Obama joined 61 noted individuals, including every living president to recite the Gettysburg Address for an official video to commemorate the 150th anniversary of President Abraham Lincoln’s most famous speech. 

It’s comforting to know that everyone delivered the address as Lincoln had written it – including the  phrase, “this nation, under God, shall have a new birth of freedom.”  You can watch that video, here.

In Obama’s own version of the address, however, he omitted the words “under God.” 

Via WMAL, his omission is at the 1:35 mark.  

Obama has come under fire in the past for his habit of editing God out of the national motto and the Declaration of Independence. 

In December of 2010, he was chastised in a letter by Lawmakers belonging to the bipartisan Congressional Prayer Caucus, for telling an audience at the University of Indonesia in Jakarta that the US national motto is “E Pluribus unum,” when the national motto is actually “In God We Trust.”

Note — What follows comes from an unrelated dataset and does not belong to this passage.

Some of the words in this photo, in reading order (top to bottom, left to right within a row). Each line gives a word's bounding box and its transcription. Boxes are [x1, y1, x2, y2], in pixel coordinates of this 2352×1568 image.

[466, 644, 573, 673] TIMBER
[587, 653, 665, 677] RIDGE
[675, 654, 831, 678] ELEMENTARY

“In the United States, our motto is E pluribus unum – out of many one,” Obama said, later adding, “our nations show that hundreds of millions who hold different beliefs can be united in freedom under one flag.”
“For the President of the United States to incorrectly state something as foundational as our national motto in another country is unacceptable,” said Congressman J. Randy Forbes (VA-04), founder and chairman of the Prayer Caucus.

The letter also noted that “three times in the fall”, Obama had misquoted  the Declaration of Independence by leaving out the words “by our creator” in the passage about inalienable rights.